In this tutorial, we downloaded the expanded download package. What are the files contained in this download package and why are they useful?

csd_data_tables: Includes the primary data tables of the continuous discharge data product. We will dive deeper into data tables in the next section.
sensor_positions_00130: Reports the geolocation of each sensor included in the download.
science_review_flags_00130: Lists each science review flag (SRF) date range, flag value, and justification applied to the data included in this download.
issueLog_00130: Reports issues that may impact data quality, or changes to a data product that affects all sites.
variables_00130: This file contains all the variables found in the data table(s) included in this download. This includes full definitions, units, and other important information.
categoricalCodes_00130: Some variables in the data tables are published as strings and constrained to a standardized list of values (LOV). This file shows all the LOV options for variables published in this data product.
readme_00130: The readme file provides important information relevant to the data product and the specific instance of downloading the data.
data citations: At least one data citation file is included in each data download, depending on the release function inputs and date range queried.

Explore Data Tables

The basic download package for DP4.00130.001 contains two data tables that report continuous discharge time series data modeled from in situ pressure transducers and stage-discharge rating curves:

csd_15_min: Continuous discharge data averaged to 15-minute intervals.
csd_continuousDischarge: Instantaneous (1-minute) continuous discharge data.

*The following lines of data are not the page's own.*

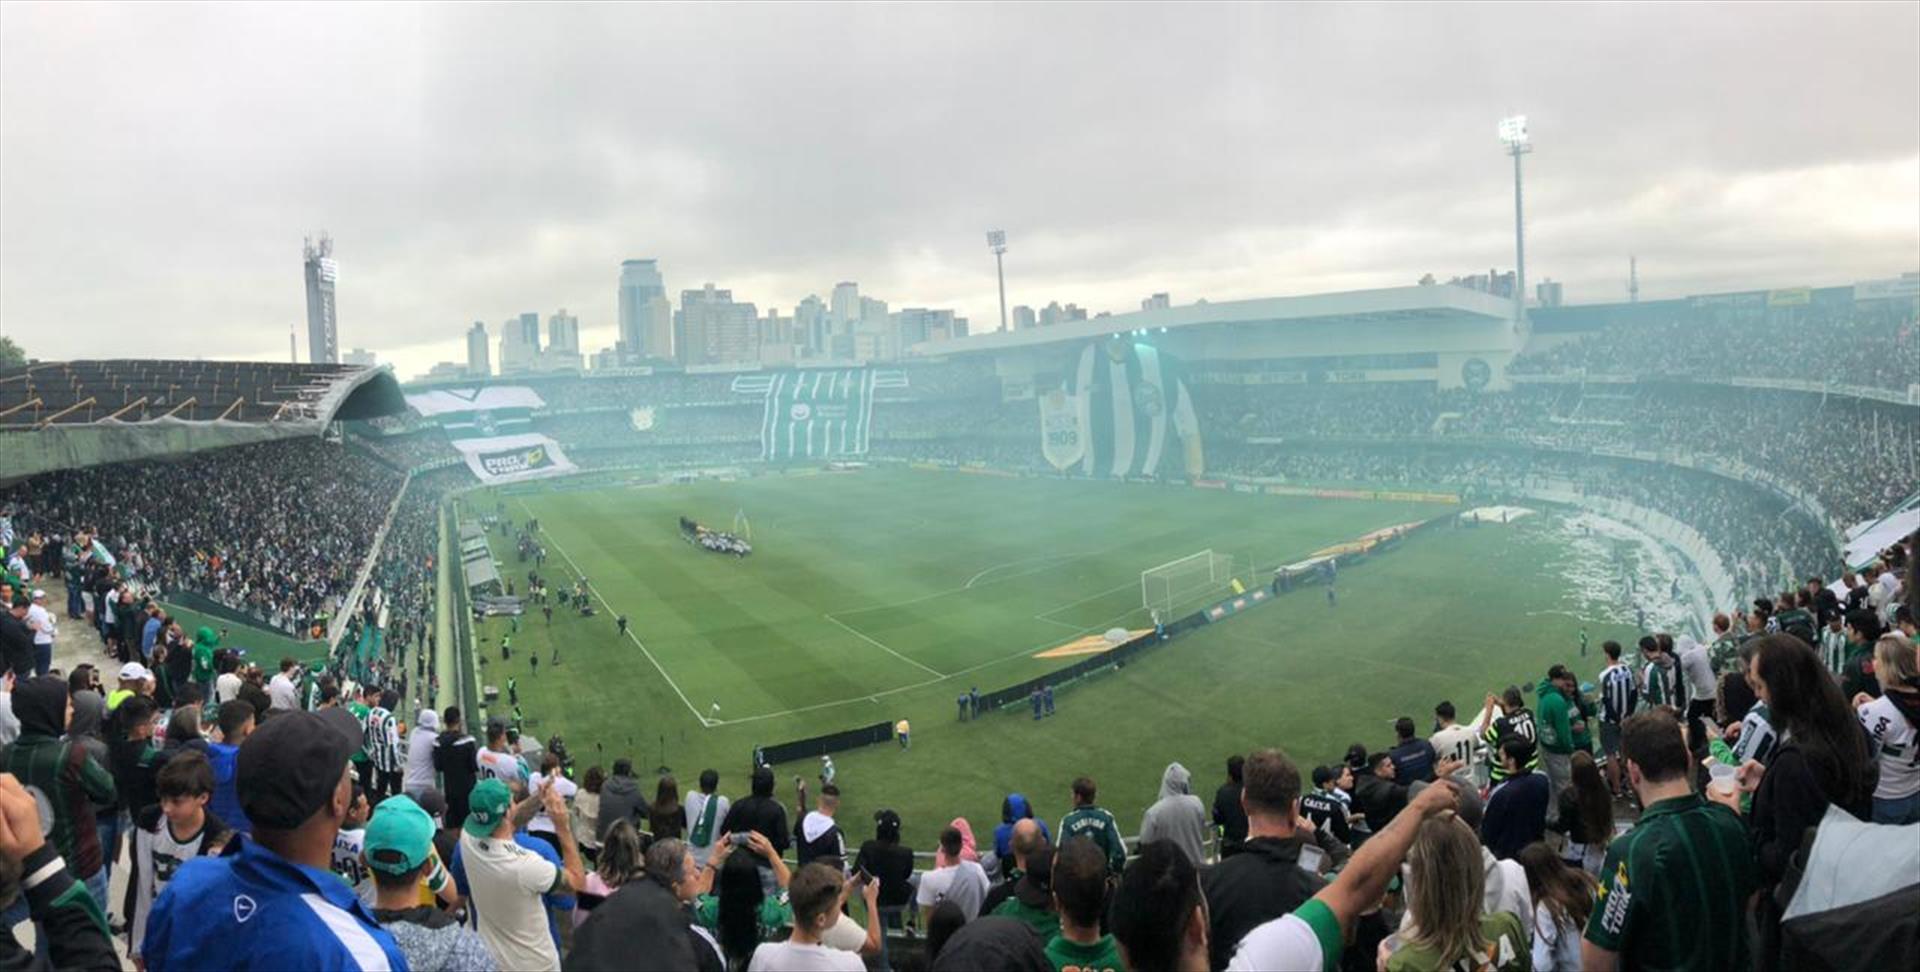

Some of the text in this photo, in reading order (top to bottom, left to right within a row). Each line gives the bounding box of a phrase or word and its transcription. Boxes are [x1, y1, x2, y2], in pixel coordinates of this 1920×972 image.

[1513, 719, 1536, 744] 10
[1456, 740, 1470, 765] 11
[1303, 797, 1331, 812] CAIXA
[1601, 889, 1618, 931] PRO
[1608, 893, 1632, 934] TORK

The expanded download package for DP4.00130.001 contains multiple additional tables that aid in understanding data relationships, model coefficients, uncertainty propagation, and data corrections.

sdrc_gaugePressureRelationship: Reports the relationship between measured gauge heights and calculated stage values derived from gauge height‐water column height linear regressions.
csd_gaugeWaterColumnHeightRegression: Reports the linear regression coefficients for each unique gauge height-water column height regression model developed to estimate stage from surface water pressure data.
csd_dataGapToFillMethodMapping: Reports periods of gaps or erroneous data in uncorrected continuous discharge data and the method used to correct the period.
csd_constantBiasShift: Reports periods of continuous discharge data corrected via constant bias shift and the magnitude of the shift.
csd_gapFillingRegression: Reports the linear regression coefficients for each unique relationship developed to correct NEON continuous discharge data using the method specified in the mapping table.

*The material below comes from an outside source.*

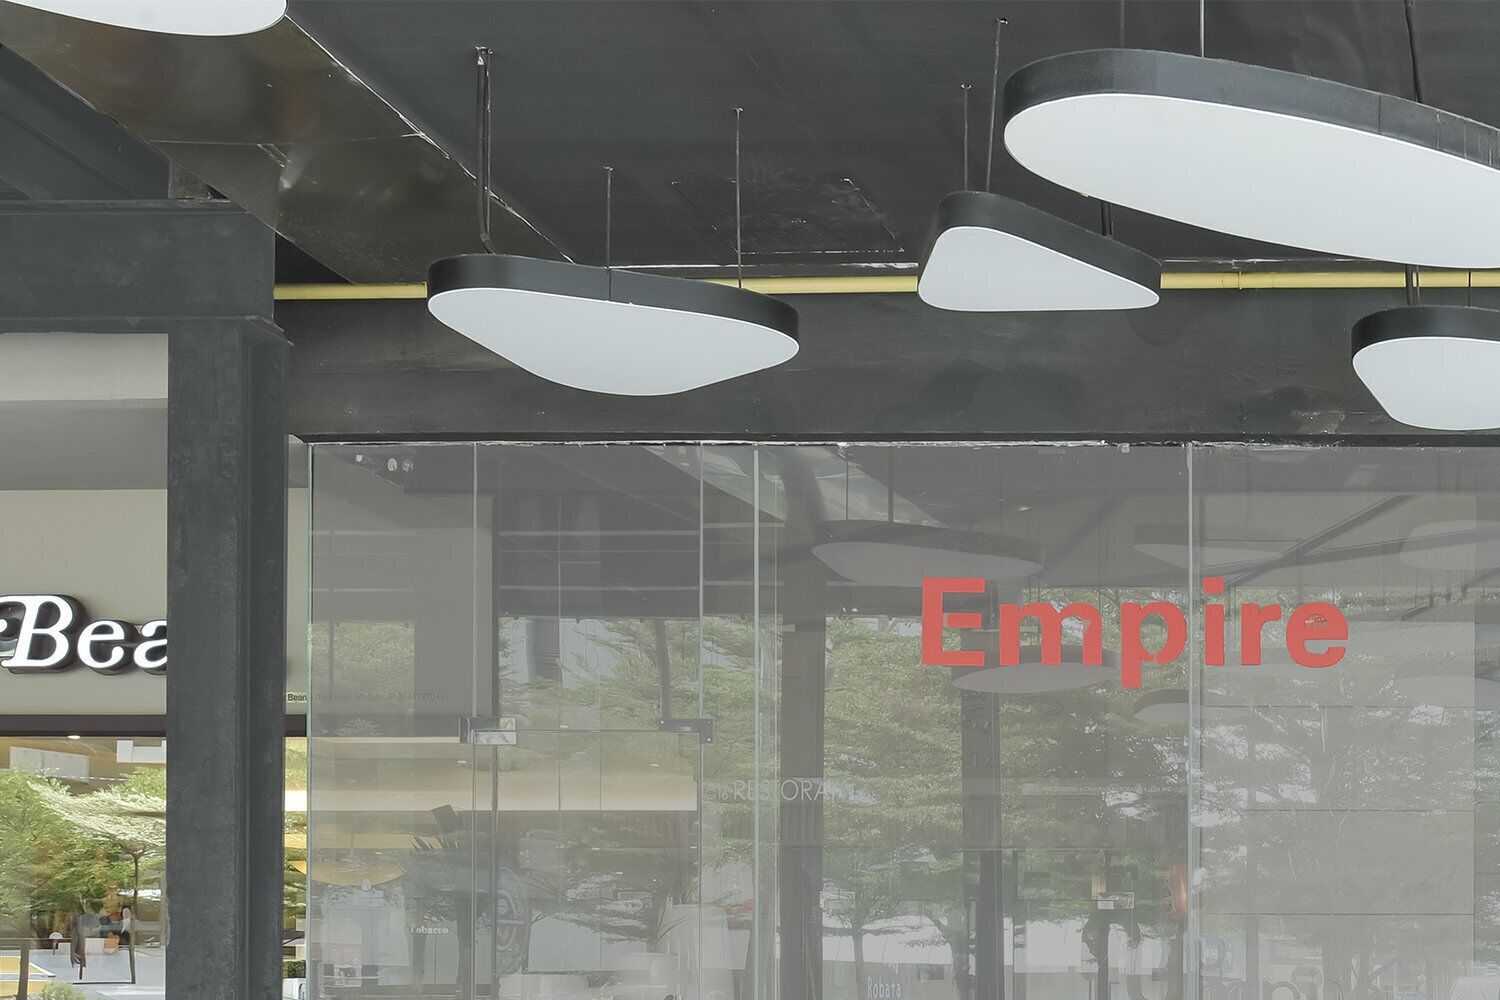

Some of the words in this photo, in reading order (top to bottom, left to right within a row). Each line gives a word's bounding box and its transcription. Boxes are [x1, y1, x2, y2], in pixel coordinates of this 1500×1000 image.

[922, 576, 1349, 689] Empire
[287, 693, 308, 702] Bean
[867, 976, 902, 999] Robata

At the Domain 08 - Tombigbee River (TOMB) site, a stage-discharge relationship cannot be developed due to the influence of a downstream lock and dam system. Therefore, the above tables are not published for TOMB. Rather, the following tables are published for TOMB.

csd_continuousDischargeUSGS: USGS discharge and associated uncertainty based on the fit of USGS data with corresponding discharge measurements collected at TOMB.
csd_dischargeRegressionUSGS: Reports the linear regression coefficients for each unique relationship developed to estimate NEON discharge from USGS discharge.

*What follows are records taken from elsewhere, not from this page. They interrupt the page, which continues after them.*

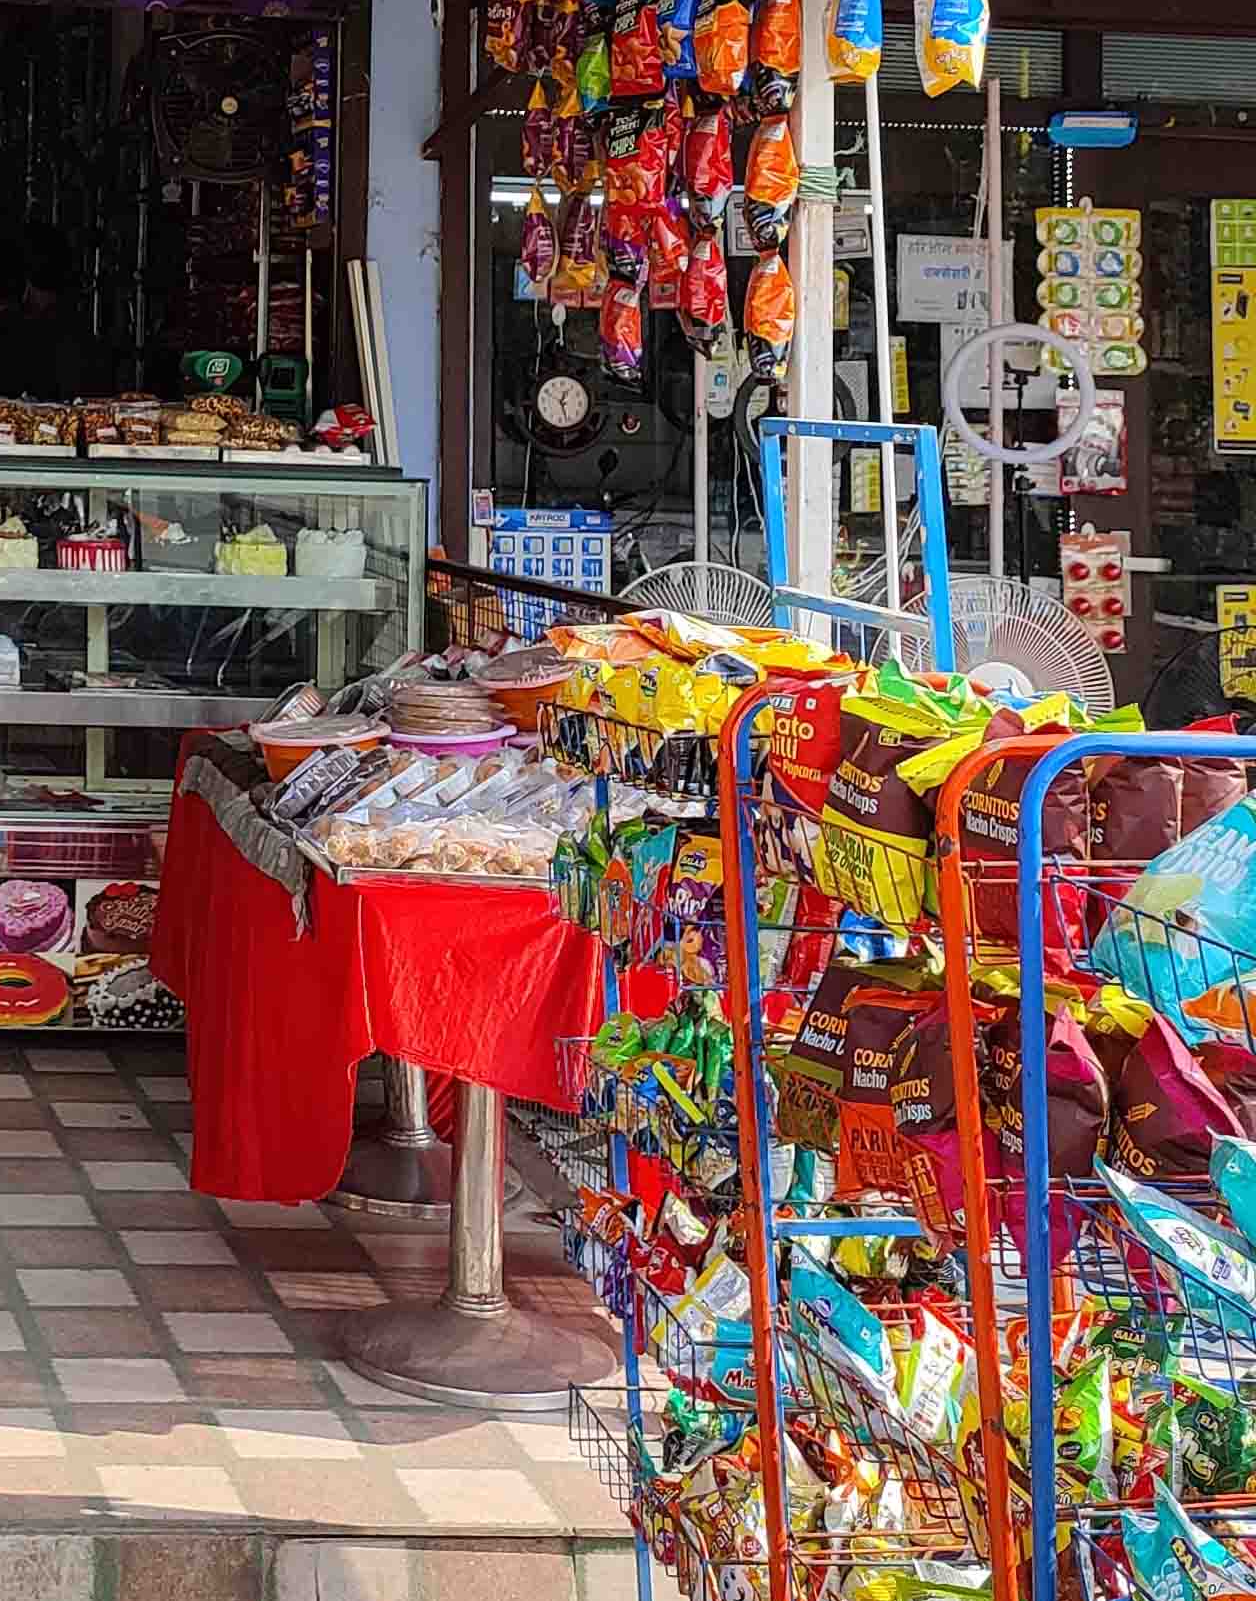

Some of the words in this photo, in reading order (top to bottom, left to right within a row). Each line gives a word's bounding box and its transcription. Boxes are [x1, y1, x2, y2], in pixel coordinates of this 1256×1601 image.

[967, 790, 1020, 821] CORNITOS
[989, 817, 1019, 847] Crisps
[800, 1023, 836, 1053] Nacho
[809, 1011, 848, 1036] CORN
[853, 1066, 887, 1090] Nacho

Below, we will explore the first few rows of each high-frequency time series table included in the basic download package. Add to the code below to also view those tables included in the expanded download package.

R

# Print the first 5 records in each of the time series tables to view structure
print("First 5 rows of csd_continuousDischarge")
head(csd_r$csd_continuousDischarge)
print("First 5 rows of csd_15_min")
head(csd_r$csd_15_min)

Python

# Print the first 5 records in each of the time series tables to view structure
print("First 5 rows of csd_continuousDischarge")

print(csd_py['csd_continuousDischarge'].head())

print("First 5 rows of csd_15_min")

print(csd_py['csd_15_min'].head())

Explore Variables

The variables_00130 file provides insight into the structure of each data table and associated variables included in a download package. For the Continuous discharge data product, it is crucial to understand the relationships between the csd_continuousDischarge and csd_15_min tables to aggregate the two tables and produce a continuous timeseries. That is an exercise we will conduct later in this tutorial. For now, view the variables file and familiarize yourself with the different fields, data types, and units used in this data product.

R

# View variables file to understand data table structure
View(csd_r$variables_00130)

Python

# View variables file to understand data table structure
print(csd_py['variables_00130'])

Wrangle Stage & Discharge Data

This data product was partially updated in 2026 from uncorrected 1 minute values to corrected 15-min averages. Until these updates are fully applied backwards in time, some data wrangling and table joining are required to produce a continuous time series of continuous discharge. The publication history of this data product is explained in detail in the NEON User Guide to Continuous Discharge (NEON.DP4.00130.001), which is published in the “Documentation” section of the NEON Data Portal landing page for Continuous discharge for this data product.

In brief, the csd_15_min table was first published beginning in 2026 (data included in RELEASE-2026), and was published for data beginning (for most sites) in 2021-10 (beginning of WY 2022). Prior to the first date published for a site in csd_15_min, the csd_continuousDischarge table is published. As more WYs are corrected prior to WY 2022, records in csd_continuousDischarge will be removed from publication and replaced with corrected records in csd_15_min.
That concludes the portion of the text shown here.